The ground of obviousness as contended by the patent office though seem easily deducible, might not be reasonable. However, I would like to reserve an entire post on an analysis of the same.

            Insufficient Description

Interestingly, the opponent submitted that the impugned patent though mentions about unexpected therapeutic benefits of the combination as claimed, there is no disclosure or data in the specification to substantiate the same. Accordingly, the claims of the impugned patent are not sufficiently described and ought to be revoked on this ground alone. The patent office seems to have agreed to the contention of the opponent.
This ground of Insufficient Description further highlights the importance of amending or altering a patent application based on requirements of Indian patent laws. In the present case, inclusion of data showing synergistic effects of the combination of Formoterol, and Mometasone furoate in a weight ratio of 1:1 to 1:1000 was absolute necessary not only to prevent insufficiency requirements, but also, to circumvent all doubts that may arise under section 3 (e) of the Indian patent act. However, seldom do patent law firms follow such practices. A mere forwarding of an application written by a foreign patent attorney to the Indian patent office may result in problems such as the one illustrated above.
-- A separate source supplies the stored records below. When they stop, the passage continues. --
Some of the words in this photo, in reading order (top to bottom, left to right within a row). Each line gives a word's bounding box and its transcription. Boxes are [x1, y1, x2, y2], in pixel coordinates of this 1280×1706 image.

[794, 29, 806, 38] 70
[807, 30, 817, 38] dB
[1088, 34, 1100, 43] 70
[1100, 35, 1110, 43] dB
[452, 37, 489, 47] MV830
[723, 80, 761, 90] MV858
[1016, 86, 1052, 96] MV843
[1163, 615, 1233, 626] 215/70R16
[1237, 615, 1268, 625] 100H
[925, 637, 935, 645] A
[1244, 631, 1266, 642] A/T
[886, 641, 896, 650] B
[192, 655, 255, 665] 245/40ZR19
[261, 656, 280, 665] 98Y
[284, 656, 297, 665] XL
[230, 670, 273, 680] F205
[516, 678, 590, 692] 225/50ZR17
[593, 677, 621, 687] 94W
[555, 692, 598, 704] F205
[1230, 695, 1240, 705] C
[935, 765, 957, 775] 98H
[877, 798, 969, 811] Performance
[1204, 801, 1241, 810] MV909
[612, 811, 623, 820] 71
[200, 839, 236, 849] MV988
Although, the patent attorney handling this case may be let off the hook as the application was filed way back in 2001, before the introduction of the critical 2005 amendments.

We at Inohelp, follow a strict practice of reviewing all national phase or convention patent applications, and suggesting our client possible amendments in the complete specification before filing the application at the IPO. The acceptance of these amendments is on the discretion of the client, who we find seldom disagrees with the suggestions. 

Inohelp Consulting Solutions Pvt. Ltd.

21 August 2010

India’s efforts to protect traditional knowledge - Foils Danish and Chinese attempts of bio-piracy

India's effort to digitize its traditional knowledge in form of Traditional Knowledge Digital Library (TKDL) is paying rich dividends. Recently, Council of Scientific and Industrial Research (CSIR), the proprietor of the database, foiled the attempts of a Danish firm, Claras ApS, and a Chinese Firm, Livzon, of bio-piracy. The Danish firm tried to patent in Europe an invention relating to turmeric, cumin, ginger and onion as slimming agents. On the other hand, the Chinese firm tried to patent in Europe an invention relating to use of medicinal plants 'pudina' (mint) and 'kalamegha' (andrographis) for the treatment of H5N1 avian influenza or bird flu.  These efforts come after CSIR uploaded 900 yoga postures in the library in June to prevent attempts of patenting these postures anywhere in the world.